*** Listed entries Section Begins ***

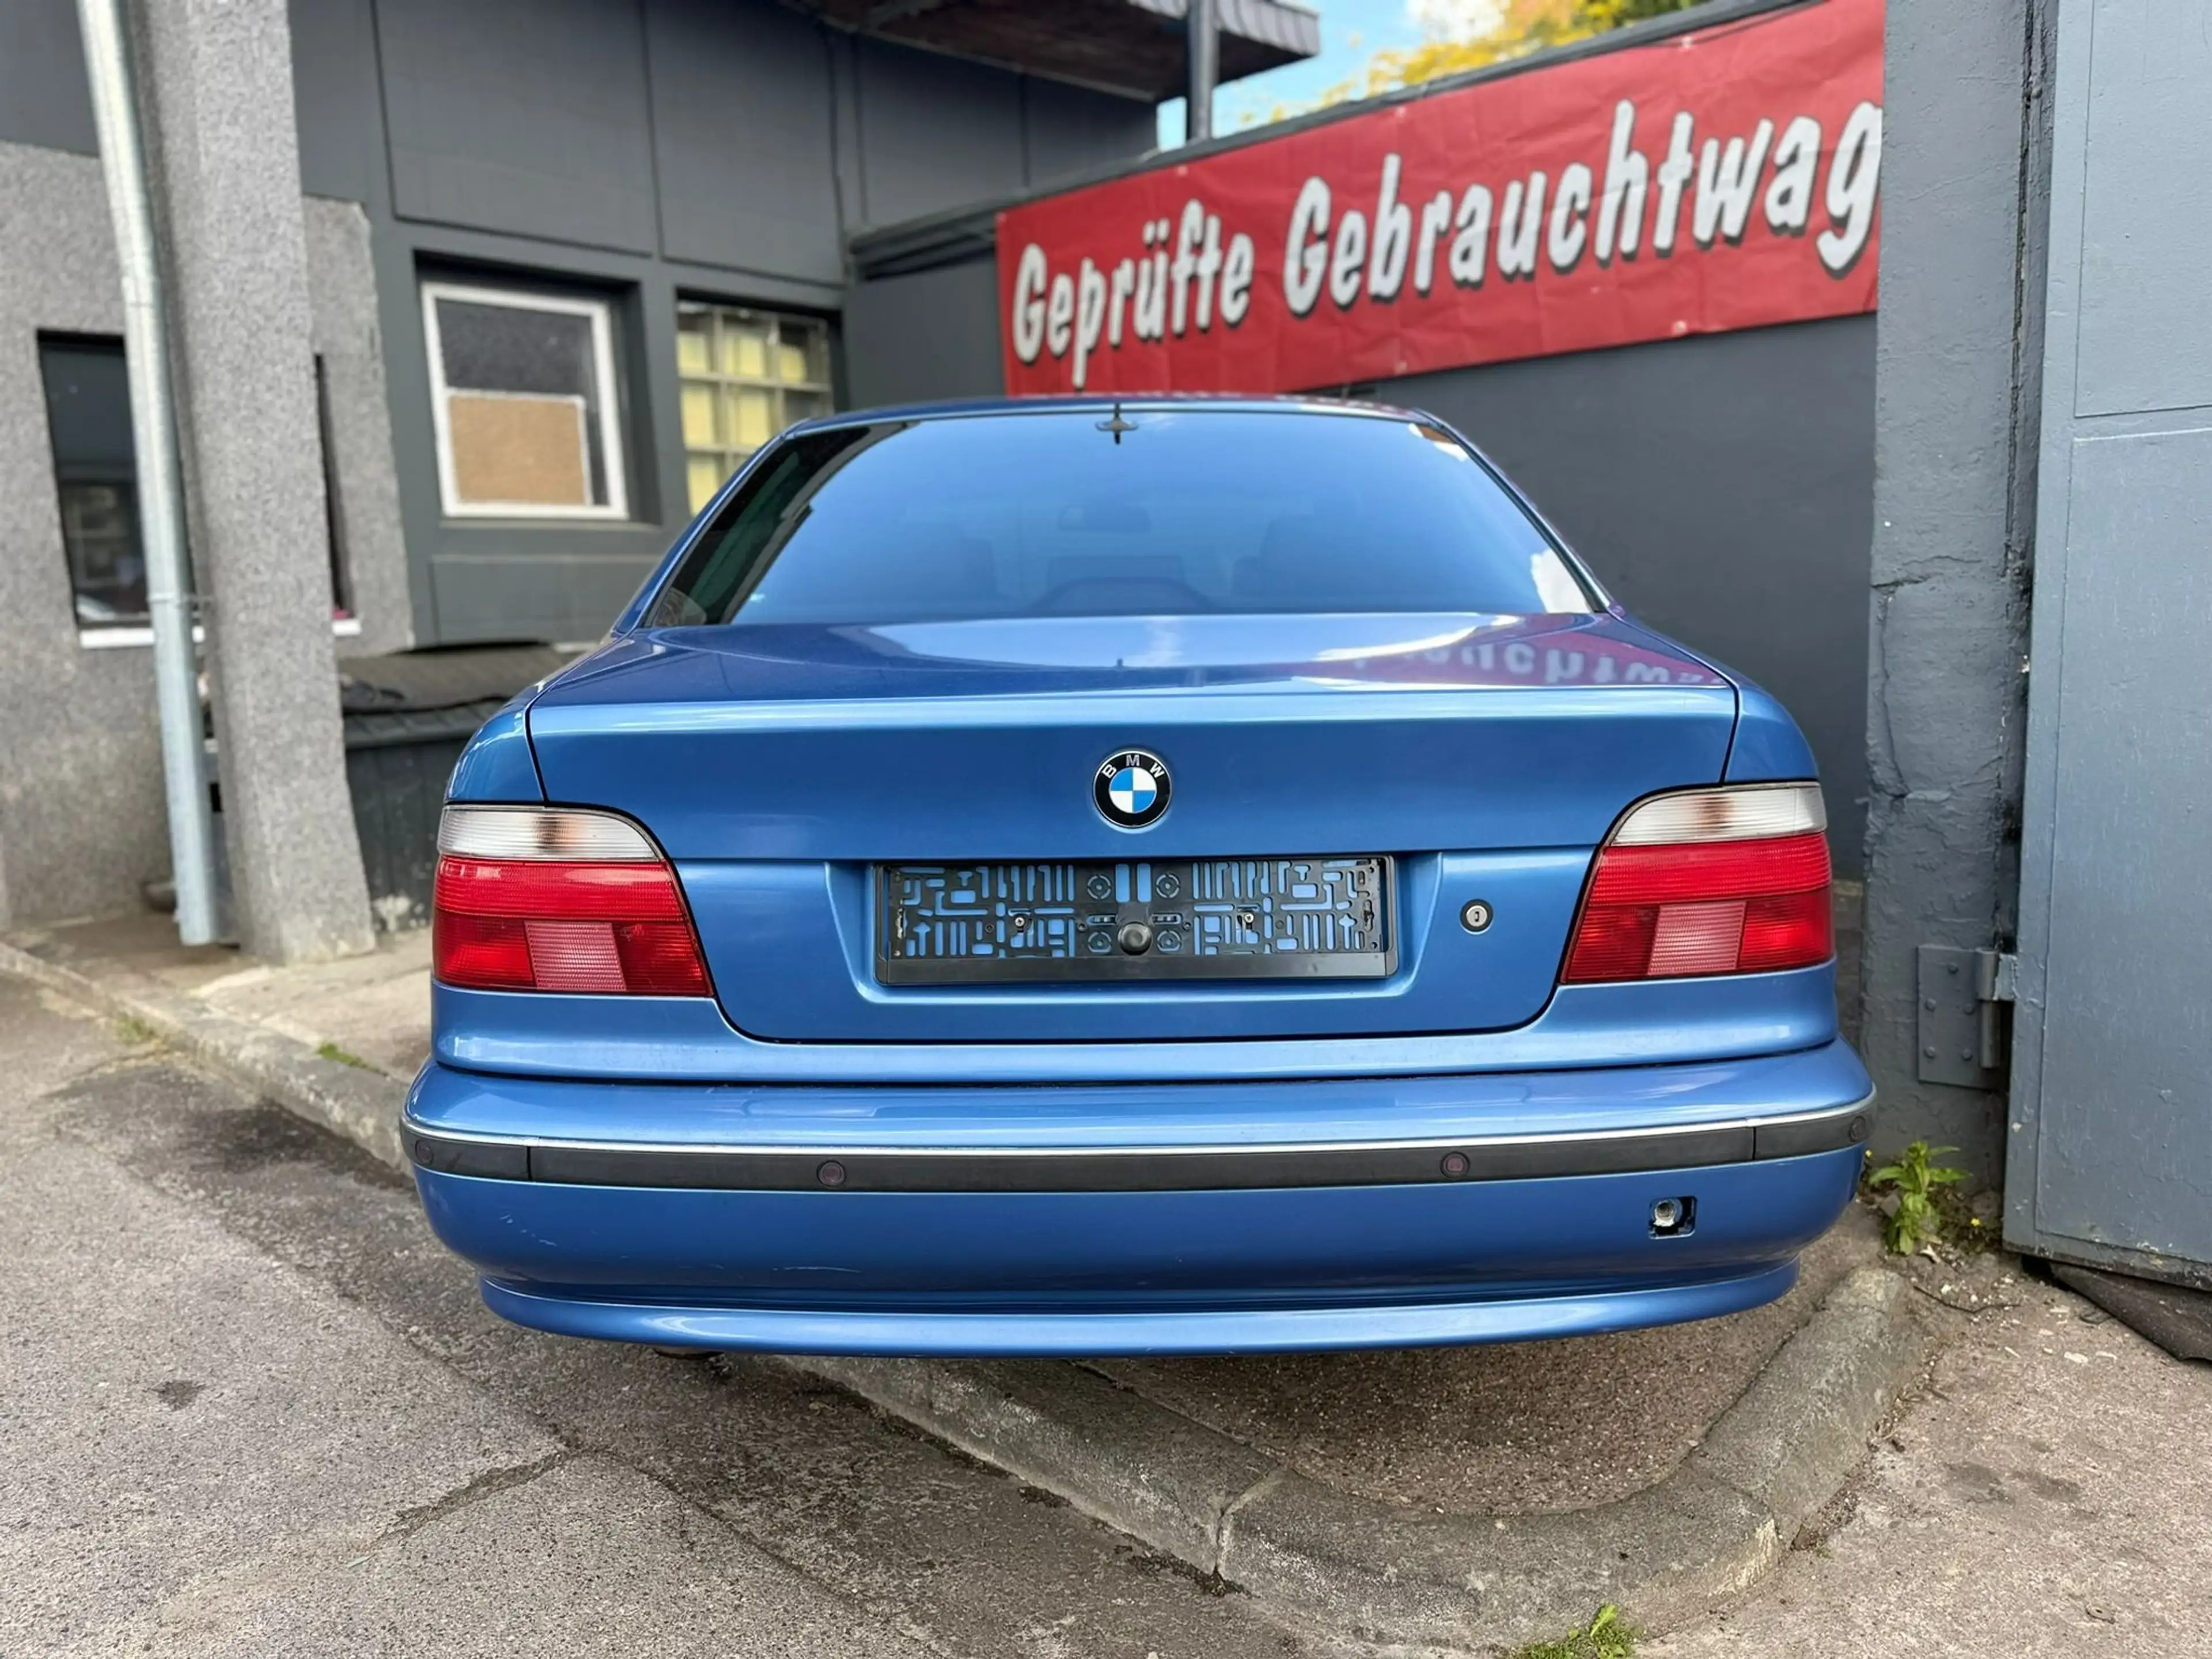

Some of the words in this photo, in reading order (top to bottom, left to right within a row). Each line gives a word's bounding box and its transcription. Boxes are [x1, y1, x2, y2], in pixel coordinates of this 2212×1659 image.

[1012, 199, 1255, 390] Geprüfte
[1282, 98, 1883, 317] Gebrauchtwag
[1101, 754, 1165, 779] BMW
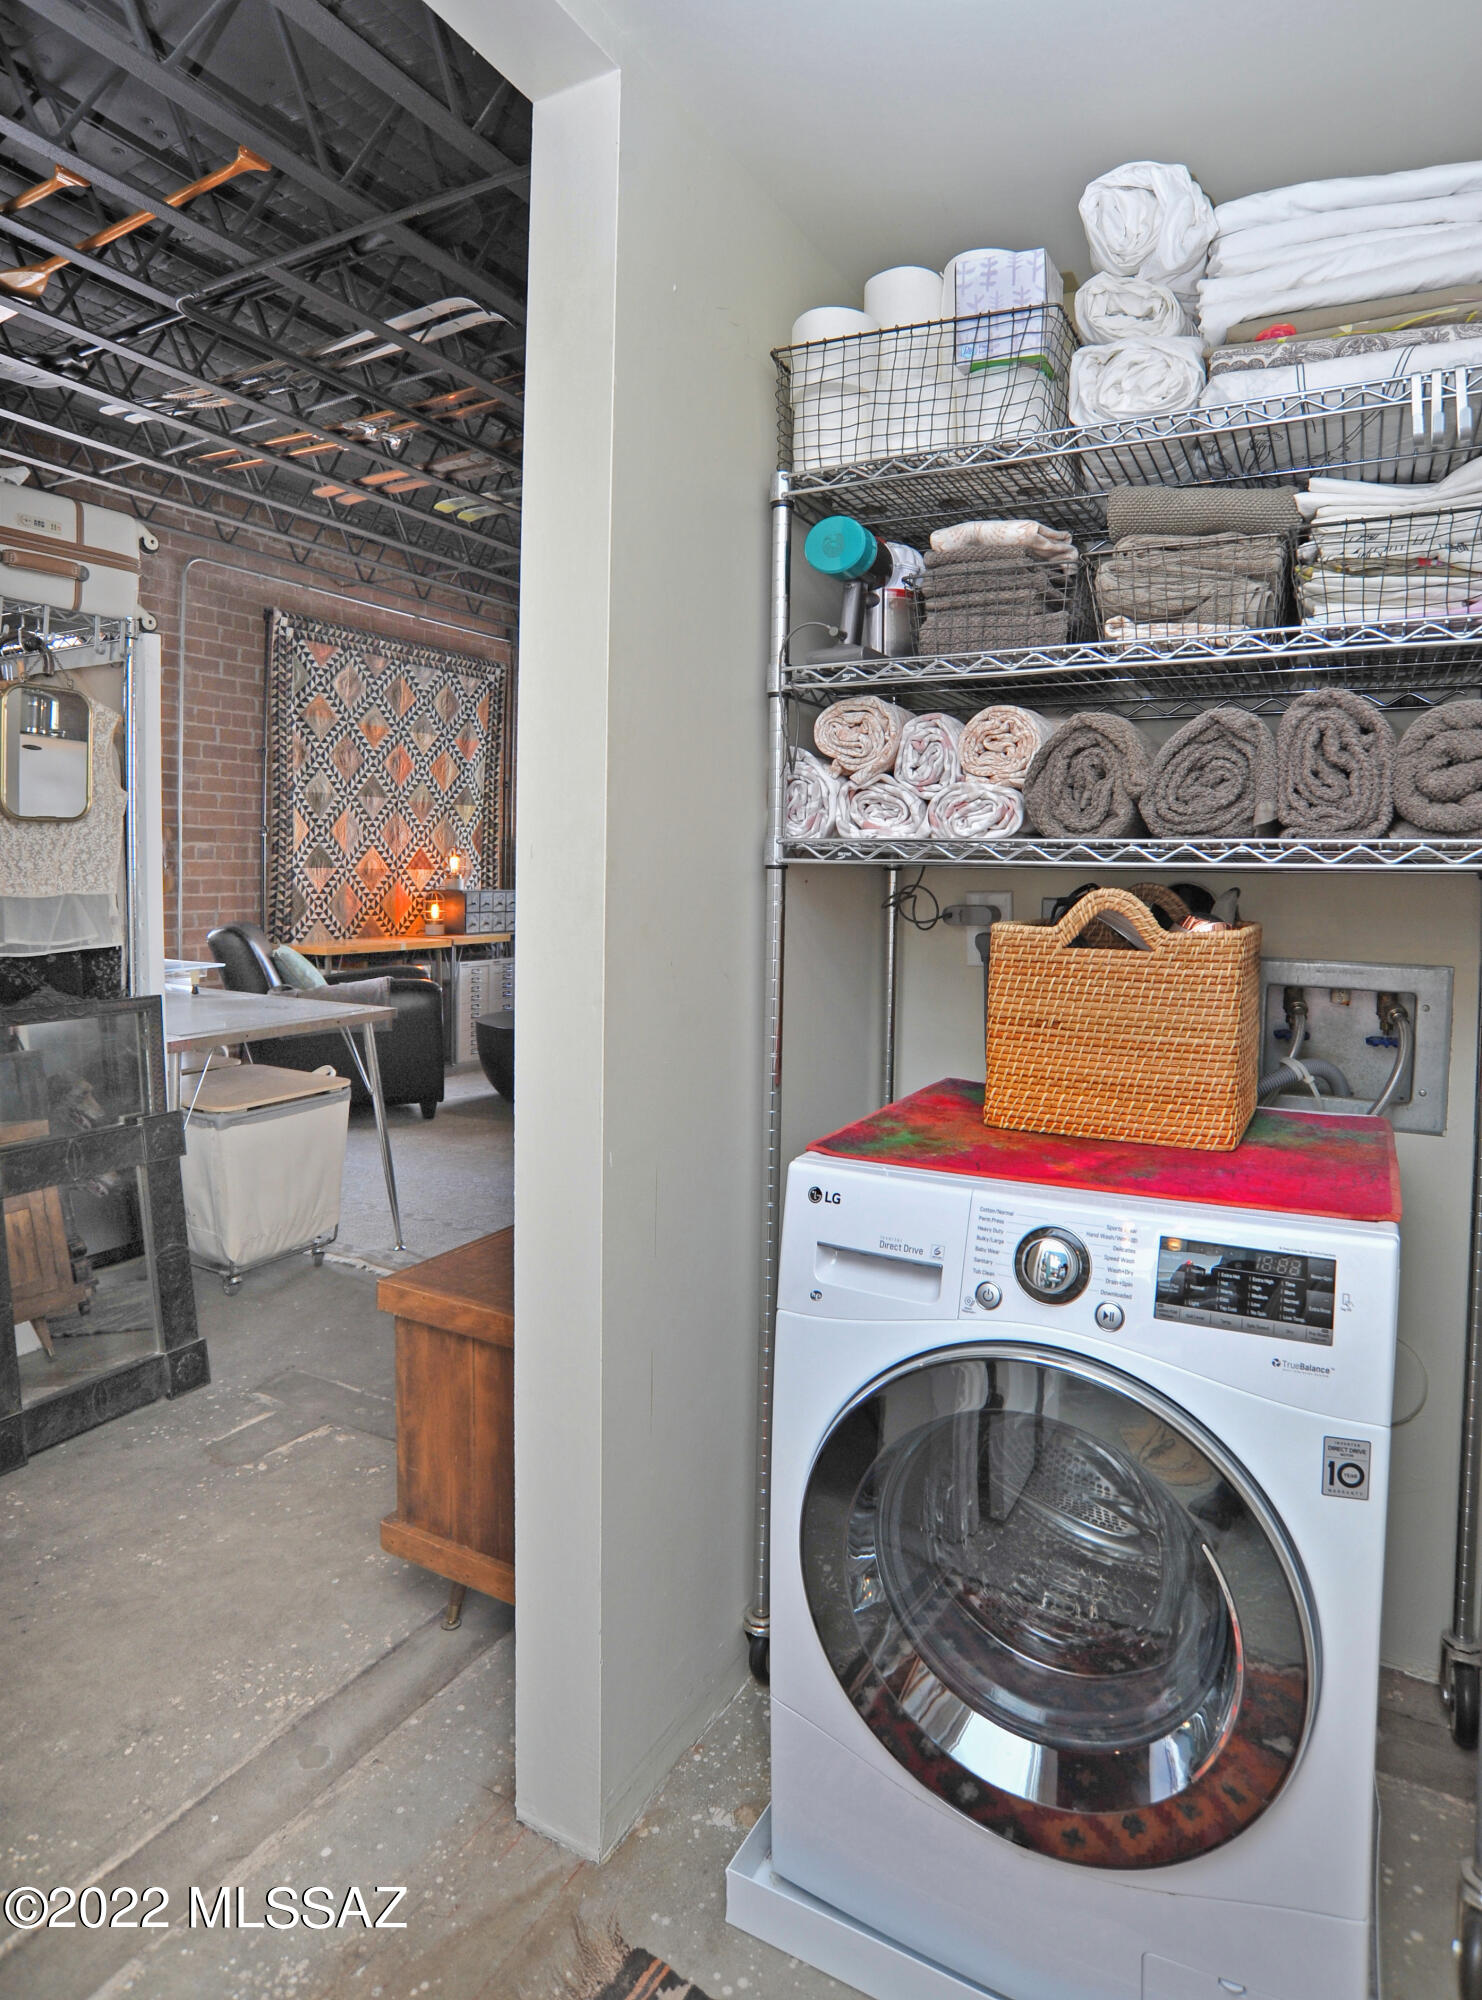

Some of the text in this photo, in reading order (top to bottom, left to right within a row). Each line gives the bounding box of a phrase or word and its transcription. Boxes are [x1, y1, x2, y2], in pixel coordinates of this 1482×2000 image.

*** Listed entries Section Ends ***

• _Exercise instructions_
Your task is to repeat the records exactly. Images do not belong in the copy.

• _Answer to this problem_
Some of the words in this photo, in reading order (top to bottom, left to right within a row). Each line gives a word's bounding box and its transcription. Boxes are [x1, y1, x2, y2], in pixel coordinates of this 2212×1659 image.

[1012, 199, 1255, 390] Geprüfte
[1282, 98, 1883, 317] Gebrauchtwag
[1101, 754, 1165, 779] BMW

Some of the text in this photo, in reading order (top to bottom, left to right within a row). Each line gives the bounding box of a phrase or word and its transcription. Boxes are [x1, y1, x2, y2], in pixel coordinates of this 1482×2000 image.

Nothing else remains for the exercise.